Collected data

──────

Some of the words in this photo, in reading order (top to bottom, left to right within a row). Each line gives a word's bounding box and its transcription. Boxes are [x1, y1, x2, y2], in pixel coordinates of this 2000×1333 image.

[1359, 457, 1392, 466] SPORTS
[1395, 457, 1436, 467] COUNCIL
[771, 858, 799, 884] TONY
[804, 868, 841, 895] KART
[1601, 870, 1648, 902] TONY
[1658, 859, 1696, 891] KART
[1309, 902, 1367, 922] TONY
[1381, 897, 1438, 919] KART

──────

Please return all of the entries above, exactly and completely.

Some of the words in this photo, in reading order (top to bottom, left to right within a row). Each line gives a word's bounding box and its transcription. Boxes are [x1, y1, x2, y2], in pixel coordinates of this 2000×1333 image.

[1359, 457, 1392, 466] SPORTS
[1395, 457, 1436, 467] COUNCIL
[771, 858, 799, 884] TONY
[804, 868, 841, 895] KART
[1601, 870, 1648, 902] TONY
[1658, 859, 1696, 891] KART
[1309, 902, 1367, 922] TONY
[1381, 897, 1438, 919] KART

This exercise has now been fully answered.